Today, I take a look at another project from Ray Vella's class at NYU.

(The above image is a honeypot for "smart" algorithms that don't know how to handle image dimensions which don't fit their shadow "requirement". Human beings should proceed to the full image below.)

As explained in this post, the students visualized data about regional average incomes in a selection of countries. It turns out that remarkable differences persist in regional income disparity between countries, almost all of which are more advanced economies.

The graphic is by Danielle Curran.

I noticed two smart decisions.

First, she came up with a different main metric for gauging regional disparity, landing on a metric that is simple to grasp.

Based on hints given on the chart, I surmised that Danielle computed the change in per-capita income in the richest and poorest regions separately for each country between 2000 and 2015. These regional income growth values are expressed in currency, not indiced.
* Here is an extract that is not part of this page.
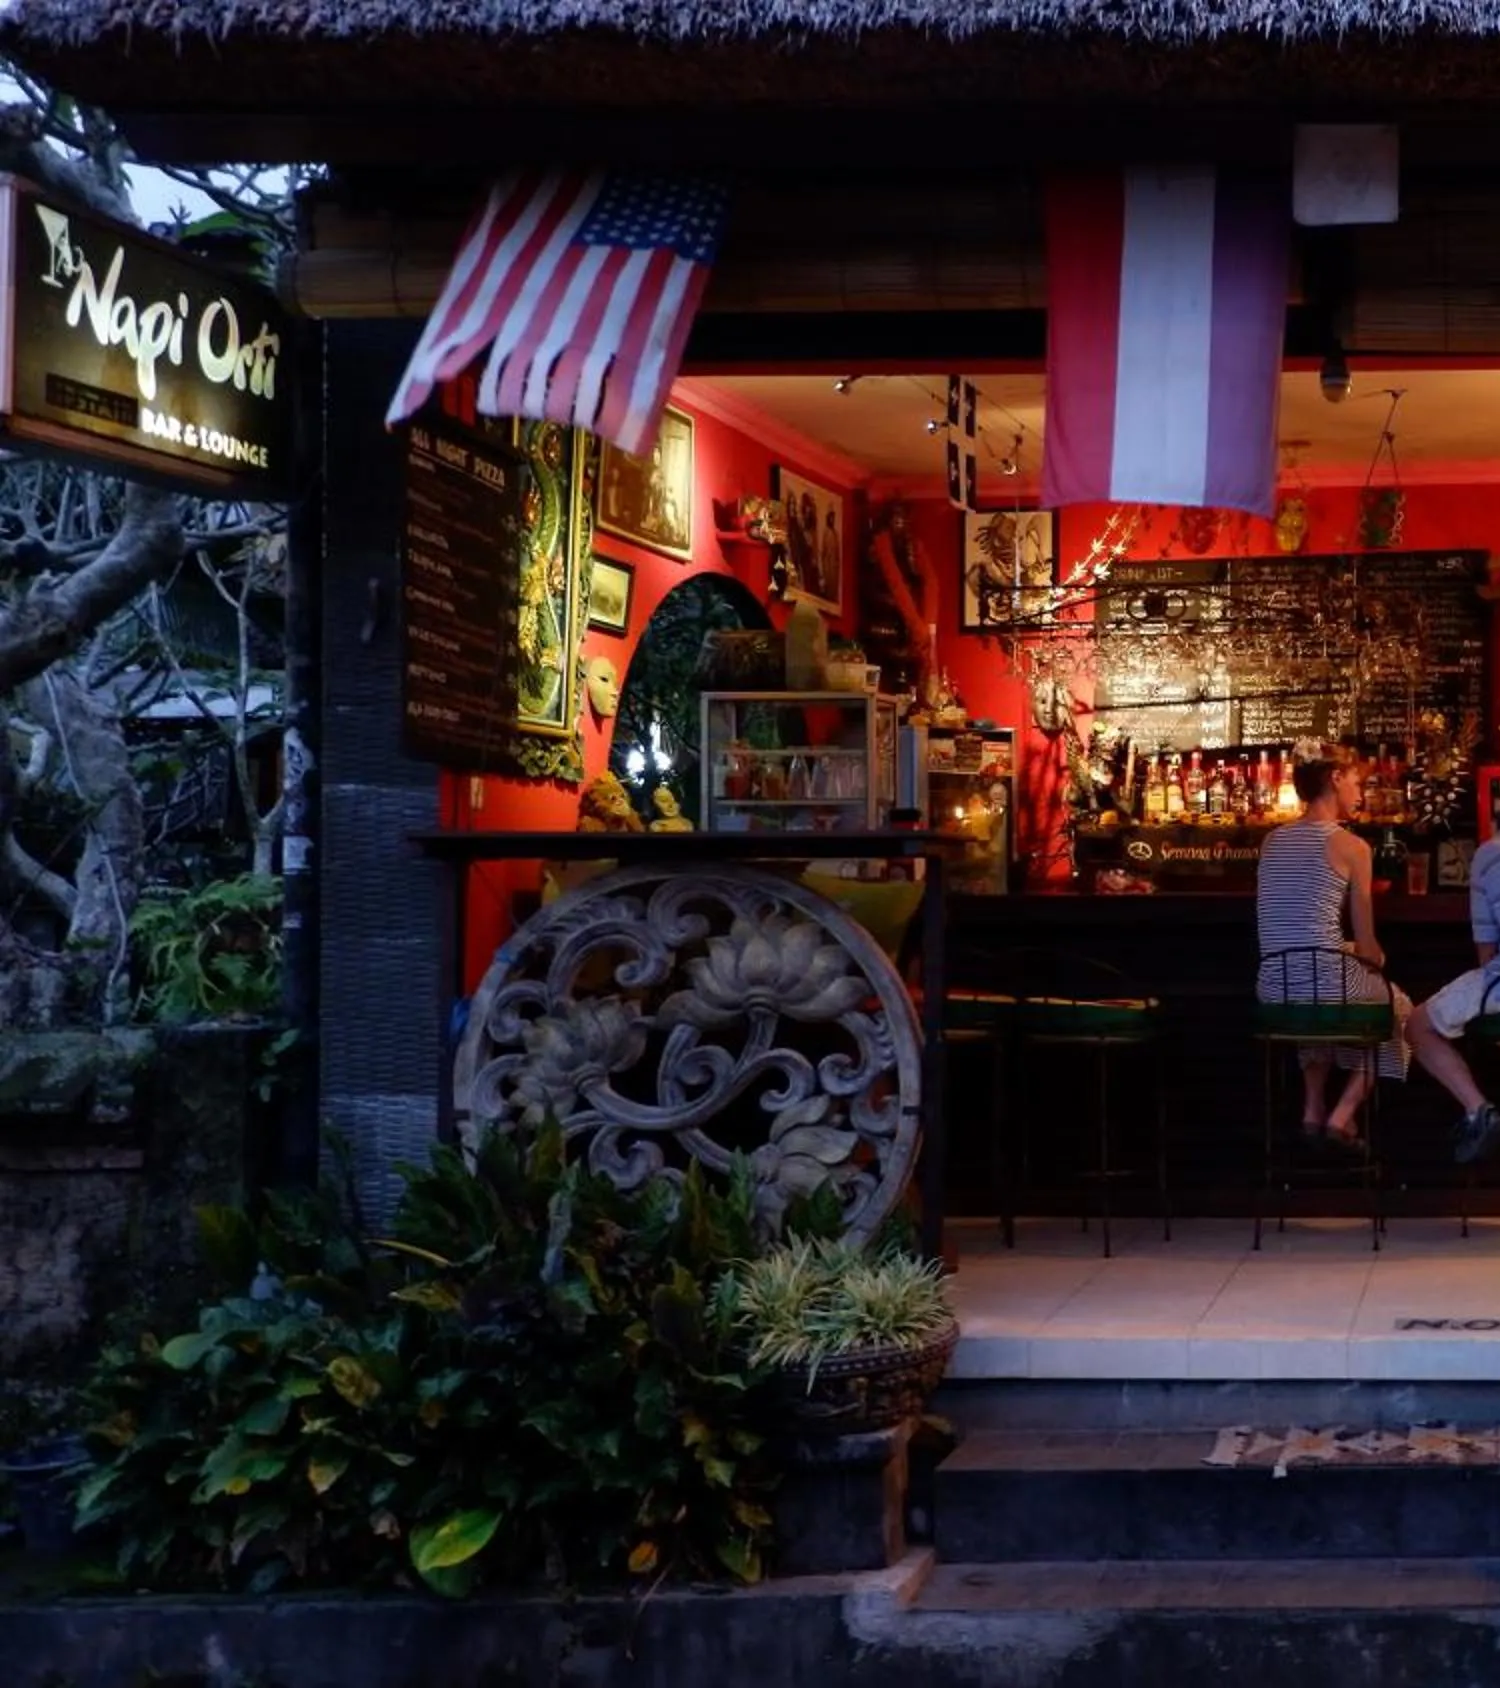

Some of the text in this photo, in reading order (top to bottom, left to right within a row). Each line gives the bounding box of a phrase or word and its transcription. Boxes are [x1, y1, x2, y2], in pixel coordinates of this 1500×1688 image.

[66, 246, 280, 400] Napi Orti
[141, 407, 269, 469] BAR & LOUNGE
Then, she computed the ratio of these growth rates, for each country. The end result is a simple metric for each country that describes how fast income has been growing in the richest region relative to the poorest region.

One of the challenges of this dataset is the complex indexing scheme (discussed here). Carlos' solution keeps the indices but uses design to facilitate comparisons. Danielle avoids the indices altogether.

The reader is relieved of the need to make comparisons, and so can focus on differences in magnitude. We see clearly that regional disparity is by far the highest in the U.K.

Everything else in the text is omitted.